* **Instructions for the task**: Copy every line below precisely as it appears.

Collected data:
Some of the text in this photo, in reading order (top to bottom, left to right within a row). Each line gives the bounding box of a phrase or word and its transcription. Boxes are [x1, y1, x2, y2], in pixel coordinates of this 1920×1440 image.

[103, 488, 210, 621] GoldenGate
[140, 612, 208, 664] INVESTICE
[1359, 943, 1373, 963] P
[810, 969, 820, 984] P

* **Exercise result**:
Some of the text in this photo, in reading order (top to bottom, left to right within a row). Each line gives the bounding box of a phrase or word and its transcription. Boxes are [x1, y1, x2, y2], in pixel coordinates of this 1920×1440 image.

[103, 488, 210, 621] GoldenGate
[140, 612, 208, 664] INVESTICE
[1359, 943, 1373, 963] P
[810, 969, 820, 984] P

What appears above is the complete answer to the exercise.